GES: le Pacte offre un projet de loi sur le climat à Legault

Le mouvement du Pacte de transition écologique a offert mardi un projet de loi, comme cadeau de Noël, au premier ministre François Legault pour assurer le «respect des obligations climatiques du Québec».

Cette loi vise entre autres à donner des outils au gouvernement pour atteindre les cibles de réduction des émissions à effet de serre (GES). La cible de 20 % en 2020 ne sera pas atteinte selon le porte-parole du mouvement, Dominic Champagne, mais le gouvernement doit prendre des mesures et les respecter afin d’atteindre la cible de 37,5 % en 2030 par rapport aux niveaux de 1990.

«On est à la croisée des chemins. La crise climatique, on a les deux pieds dedans. Le gouvernement ne sait pas où il en est par rapport à sa cible de 2020, mais M. Legault s’est engagé à respecter les objectifs de 2030, a-t-il martelé. On ne peut plus pelleter du carbone dans l’atmosphère comme on le fait.» 

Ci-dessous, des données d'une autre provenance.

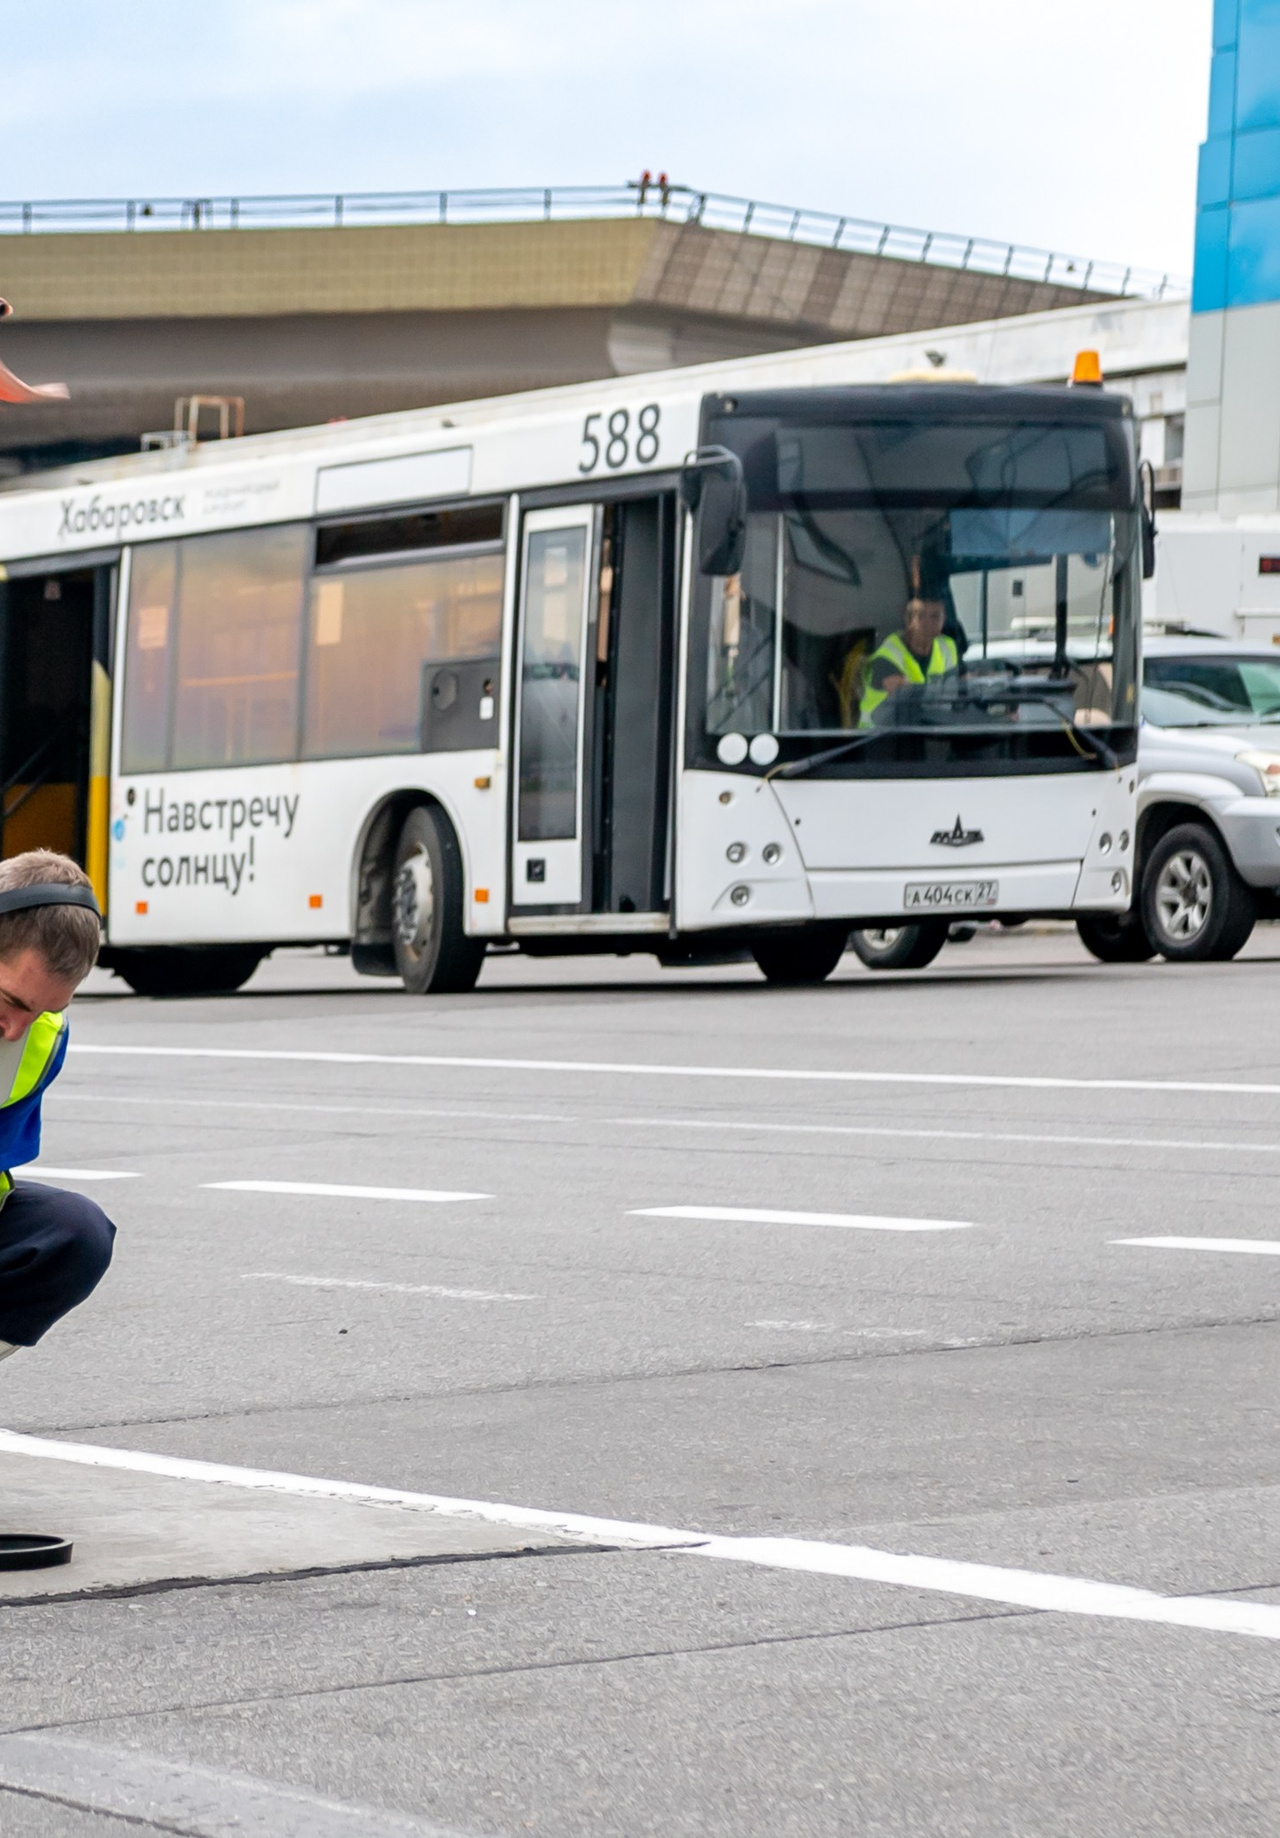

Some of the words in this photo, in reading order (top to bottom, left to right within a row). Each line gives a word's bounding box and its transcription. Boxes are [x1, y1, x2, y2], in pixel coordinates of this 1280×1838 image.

[578, 402, 660, 473] 588
[58, 494, 186, 539] Хабаровск
[144, 787, 300, 842] Навстречу
[141, 836, 254, 896] солнцу!

Si le projet de loi est adopté, le gouvernement devra analyser tous les projets et vérifier s’ils sont compatibles avec l’atteinte des cibles de réductions des GES. Le gouvernement devra également publier annuellement l’inventaire des émissions GES. Le mouvement du Pacte demande aussi la création d’un bureau permanent de surveillance climatique au sein du personnel du vérificateur général.

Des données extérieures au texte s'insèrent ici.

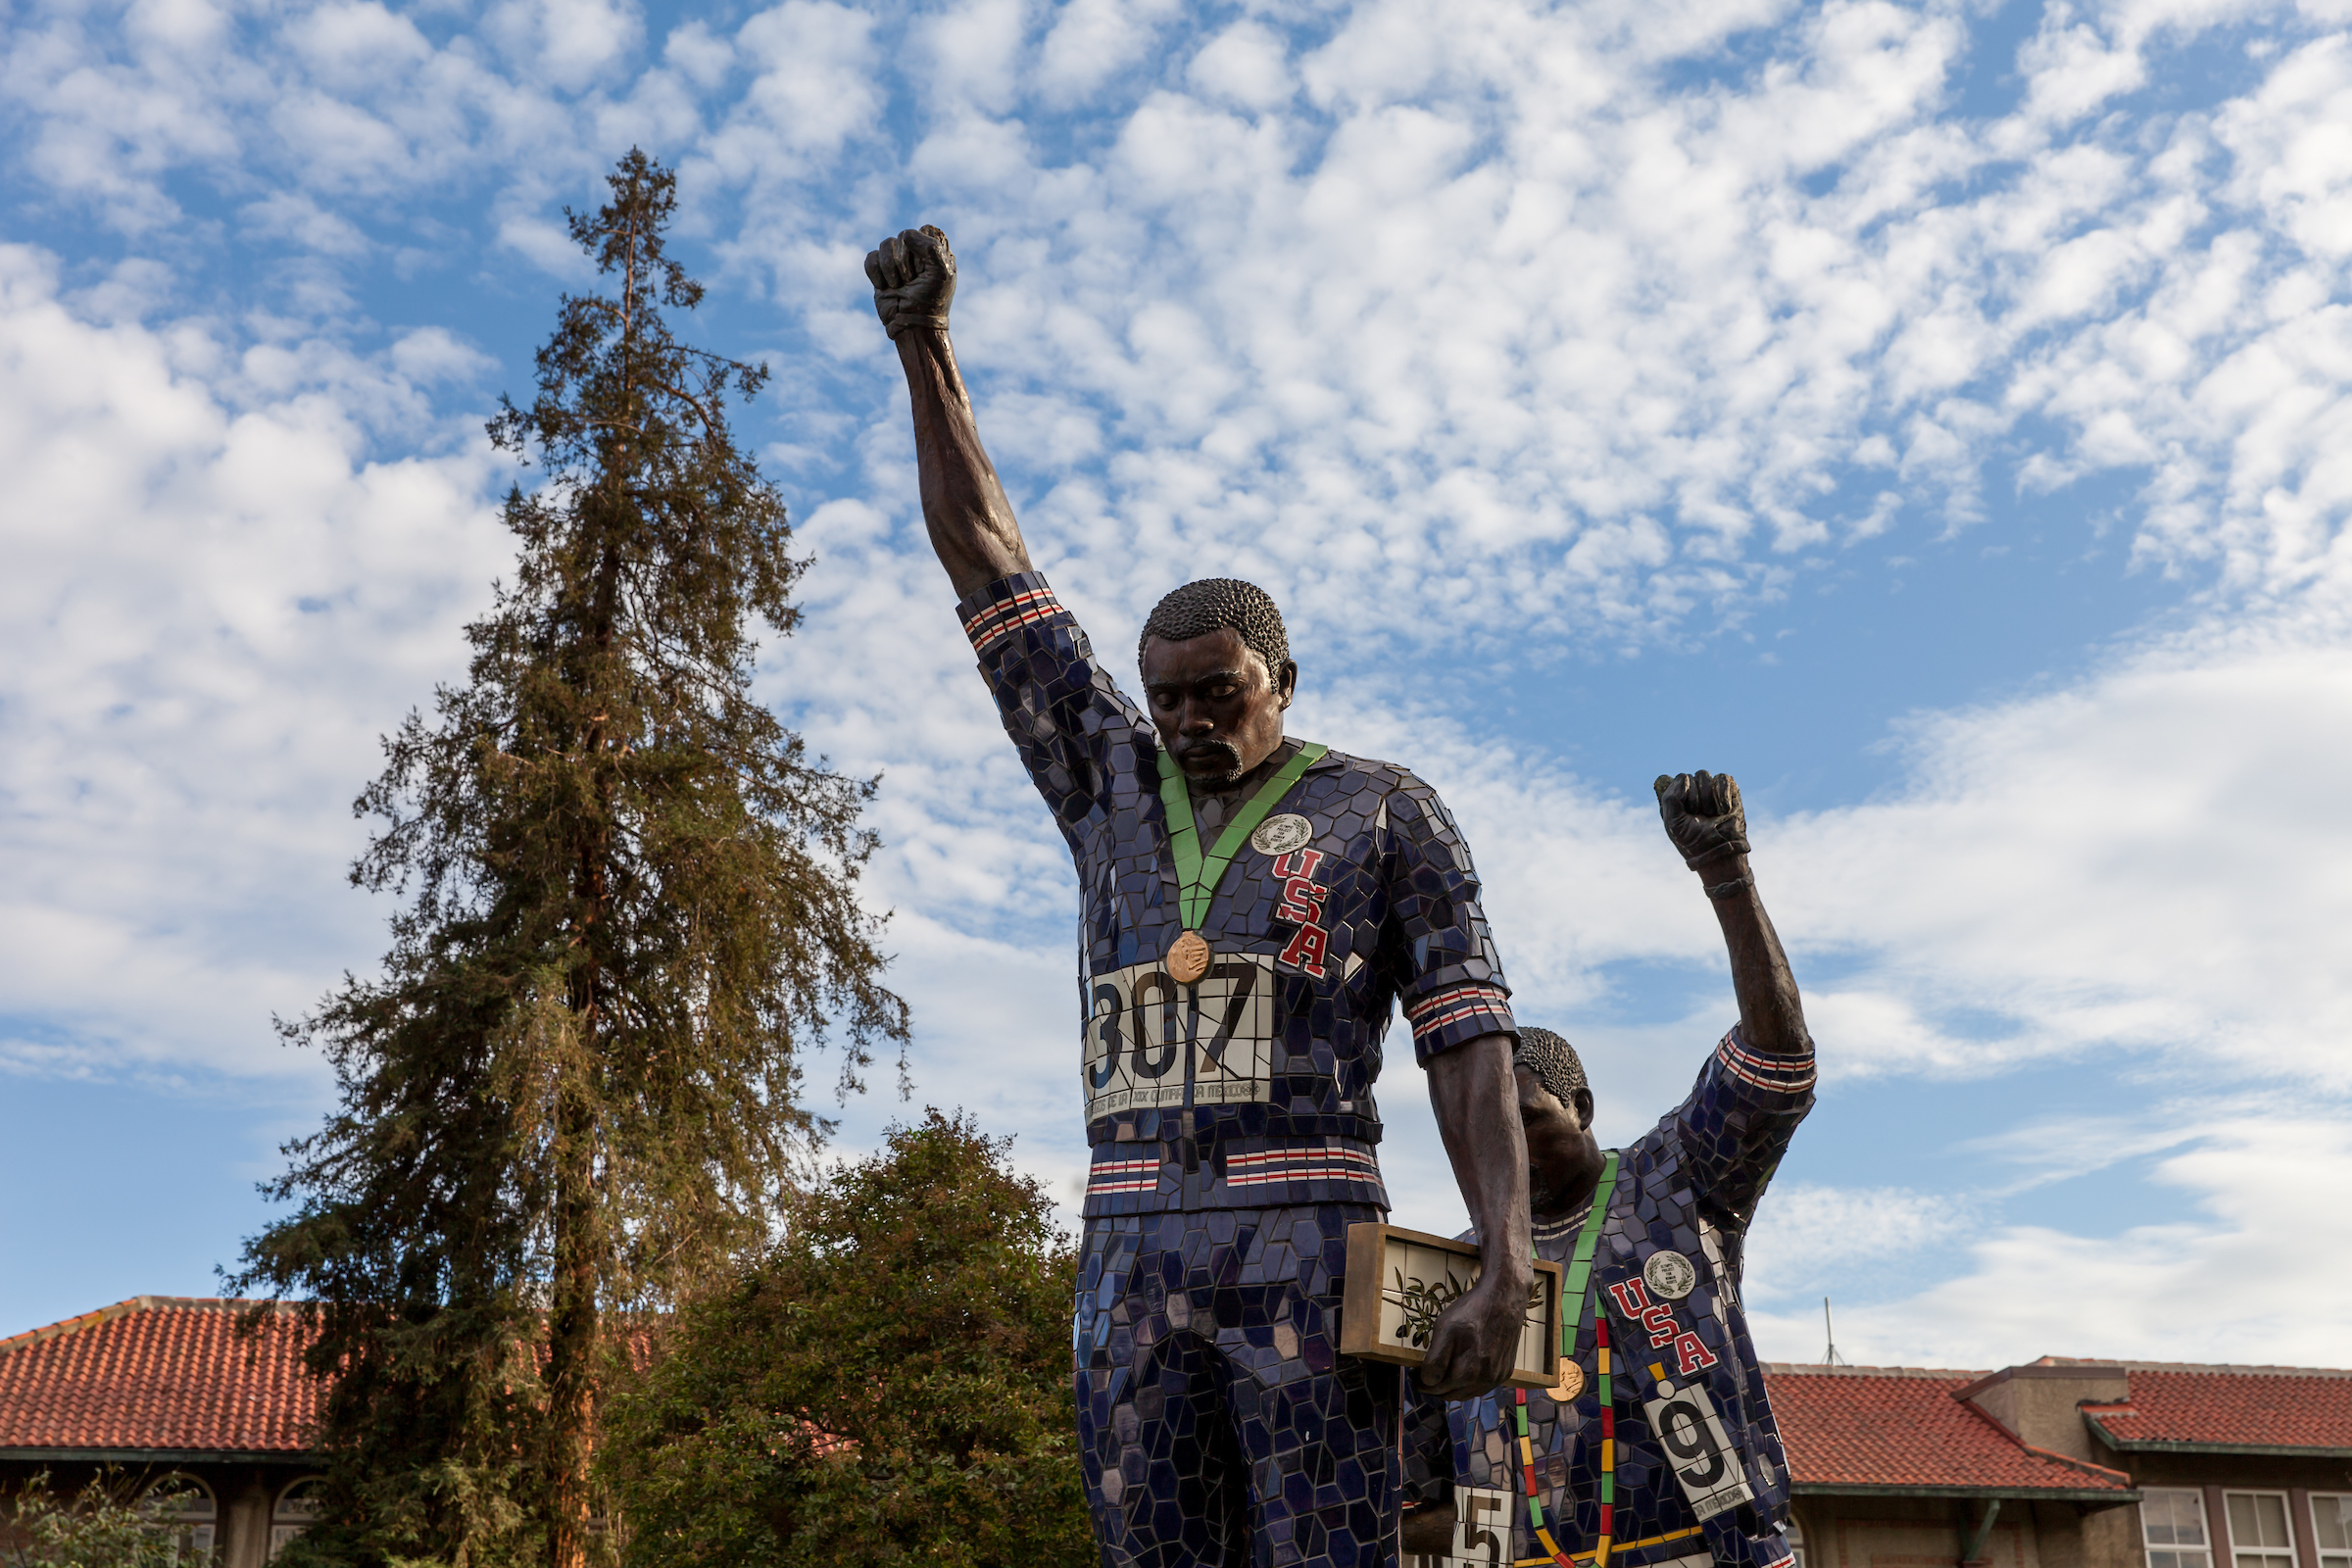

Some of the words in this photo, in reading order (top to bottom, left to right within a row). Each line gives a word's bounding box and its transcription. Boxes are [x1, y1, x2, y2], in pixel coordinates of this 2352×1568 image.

[1272, 848, 1329, 980] USA
[1090, 962, 1257, 1089] 307
[1133, 1090, 1149, 1102] XIX
[1608, 1276, 1718, 1377] USA
[1658, 1400, 1725, 1488] 9
[1463, 1495, 1500, 1568] 5

Le projet de loi voté a été rédigé par l’avocat-légiste Mario Denis, qui a participé à la rédaction de plusieurs lois et règlements sur l’environnement au gouvernement, et par MMichel Bélanger, avocat spécialisé en droit de l’environnement. Le texte a été révisé par des «juristes chevronnés», comme Paule Halley.

«Ça va nous amener des instruments, des outils pour être capable de prendre ces décisions-là, mais surtout d’être éclairés et de les voir venir, annuellement. Vous avez approuvé le troisième lien, parfait, mais l’année prochaine, s’il y en a cinq autres de plus, peut-être qu’il faudra changer de direction parce qu’on n’y arrivera pas. C’est à ça que va servir le projet de loi», a expliqué Me Michel Bélanger.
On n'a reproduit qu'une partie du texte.